For Mews and for Leianora for her birthday.  Finally!

A Stone and Nearly Half Again of Nothing

            After their first resting period out of Rivendell, Boromir was surprised to hear Merry raising his voice to his younger cousin.  “But that was what I’d set aside for when I awoke, Peregrin Took!  How dare you take my winter pear?”

            “But I was hungry!” whined the younger Hobbit.

            “So, since you were hungry then I must go without?” demanded Merry.  “Would you have taken it from Boromir, or Strider?  Or Gandalf?”

            Pippin’s face went taut.  “Oh, I’d never do it to Gandalf.  He might turn me into a toad or something of the sort!”

            “And why does that make it all right to do it to me?  You’d not dare to do it to Sam or Frodo, even.  I may love you dearly as if you were indeed my own little brother, but that does not give you the right to take what is mine without even asking!  I’m hungry, too, you know!”

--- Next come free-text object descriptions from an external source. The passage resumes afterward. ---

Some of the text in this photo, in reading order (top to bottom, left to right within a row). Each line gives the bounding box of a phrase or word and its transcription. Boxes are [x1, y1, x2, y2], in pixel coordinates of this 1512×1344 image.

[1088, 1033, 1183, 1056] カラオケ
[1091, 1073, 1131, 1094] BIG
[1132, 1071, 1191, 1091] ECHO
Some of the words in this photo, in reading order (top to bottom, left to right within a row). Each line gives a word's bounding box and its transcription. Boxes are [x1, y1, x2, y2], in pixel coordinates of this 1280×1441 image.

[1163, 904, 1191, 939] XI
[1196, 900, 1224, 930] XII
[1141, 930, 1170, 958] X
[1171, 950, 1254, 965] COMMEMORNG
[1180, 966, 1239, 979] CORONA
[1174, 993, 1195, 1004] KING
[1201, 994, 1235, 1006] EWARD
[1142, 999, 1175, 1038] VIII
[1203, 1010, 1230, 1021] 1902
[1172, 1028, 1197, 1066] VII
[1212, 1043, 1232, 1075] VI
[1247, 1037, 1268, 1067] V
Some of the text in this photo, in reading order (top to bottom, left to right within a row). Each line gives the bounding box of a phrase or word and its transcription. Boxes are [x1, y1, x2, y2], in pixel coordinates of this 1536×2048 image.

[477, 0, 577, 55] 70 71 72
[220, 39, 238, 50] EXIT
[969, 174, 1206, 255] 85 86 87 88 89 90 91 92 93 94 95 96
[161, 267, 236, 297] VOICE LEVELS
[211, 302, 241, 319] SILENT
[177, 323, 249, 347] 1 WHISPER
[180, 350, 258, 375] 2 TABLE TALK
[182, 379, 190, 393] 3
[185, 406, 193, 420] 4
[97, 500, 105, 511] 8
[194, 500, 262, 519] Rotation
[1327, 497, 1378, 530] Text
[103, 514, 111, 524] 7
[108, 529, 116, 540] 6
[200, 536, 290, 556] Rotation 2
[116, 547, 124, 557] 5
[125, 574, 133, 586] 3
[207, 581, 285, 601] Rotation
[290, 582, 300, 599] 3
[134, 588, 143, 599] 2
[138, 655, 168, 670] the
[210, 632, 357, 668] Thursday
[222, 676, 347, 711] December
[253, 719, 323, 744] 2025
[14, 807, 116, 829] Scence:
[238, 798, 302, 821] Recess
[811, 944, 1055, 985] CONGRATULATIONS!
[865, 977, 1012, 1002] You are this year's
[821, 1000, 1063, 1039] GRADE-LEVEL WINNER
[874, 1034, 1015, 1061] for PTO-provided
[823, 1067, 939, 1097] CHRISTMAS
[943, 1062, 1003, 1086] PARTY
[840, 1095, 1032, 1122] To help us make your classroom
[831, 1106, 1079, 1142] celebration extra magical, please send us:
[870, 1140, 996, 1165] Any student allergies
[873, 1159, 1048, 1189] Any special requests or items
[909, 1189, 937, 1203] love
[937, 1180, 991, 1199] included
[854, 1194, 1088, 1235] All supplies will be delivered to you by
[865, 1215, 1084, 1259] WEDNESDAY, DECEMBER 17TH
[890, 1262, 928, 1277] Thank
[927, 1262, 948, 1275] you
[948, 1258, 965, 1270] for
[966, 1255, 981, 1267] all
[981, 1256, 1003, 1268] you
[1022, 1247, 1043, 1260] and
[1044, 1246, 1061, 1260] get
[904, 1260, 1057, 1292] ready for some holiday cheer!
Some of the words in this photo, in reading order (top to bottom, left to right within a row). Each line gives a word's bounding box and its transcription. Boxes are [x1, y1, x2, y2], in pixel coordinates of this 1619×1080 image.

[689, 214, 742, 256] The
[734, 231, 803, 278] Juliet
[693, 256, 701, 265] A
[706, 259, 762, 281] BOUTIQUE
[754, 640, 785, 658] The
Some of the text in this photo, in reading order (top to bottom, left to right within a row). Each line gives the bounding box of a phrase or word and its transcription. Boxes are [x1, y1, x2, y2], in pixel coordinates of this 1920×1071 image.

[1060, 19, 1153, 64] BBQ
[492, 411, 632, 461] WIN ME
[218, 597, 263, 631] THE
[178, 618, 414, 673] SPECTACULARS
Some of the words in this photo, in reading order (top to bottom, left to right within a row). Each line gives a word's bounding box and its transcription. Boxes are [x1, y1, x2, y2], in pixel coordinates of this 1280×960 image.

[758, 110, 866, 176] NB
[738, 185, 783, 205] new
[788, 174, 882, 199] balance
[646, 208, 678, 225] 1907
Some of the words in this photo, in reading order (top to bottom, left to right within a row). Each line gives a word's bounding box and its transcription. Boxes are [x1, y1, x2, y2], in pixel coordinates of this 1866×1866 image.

            Now Pippin’s expression was such that it was obvious he’d failed to imagine such a thing.  “But—” he began, 

            Merry interrupted him, “It’s not as if we were home in Brandy Hall or the Great Smial, or even Bag End or Rivendell, with full larders just down the passage and relatives or Elves to wheedle treats from, Pip.  We have only what’s being carried on our backs or Bill’s, and what we find along the way to hunt or harvest.  And it’s full winter now, so we’re not going to be able to find the mushrooms, berries, and other fruit we’d pick on the way between Bree and Rivendell.  We’ll have to keep our eyes out for wild carrots, yams, and other roots that have survived underground that we might add to our fare.  I even suspect that we’ll grow tired of hares, winter grouse, and fish before we’re through.”  His expression was still quite severe.  “You need to realize you can’t be so self-centered, so I’m going to make you carry this bunch of nothing with you for the rest of the next march—it’s nearly a stone and a half of nothing, and if anything can get through to you that this is what we’ll be left with when we’re done if you continue taking what you please with no thought for anyone else, this ought to do it!”  So saying, he reached down to the ground and lifted up—well, from what Boromir could tell, he lifted up nothing!  Yet it appeared that what he lifted up had heft, shape, and weight to it, and when he forced it into Pippin’s hands, the younger Hobbit acted as if whatever it was he’d been handed had some substance to it as well.

            “No!” Pippin objected.  “You can’t force me to carry about this much nothing all night!”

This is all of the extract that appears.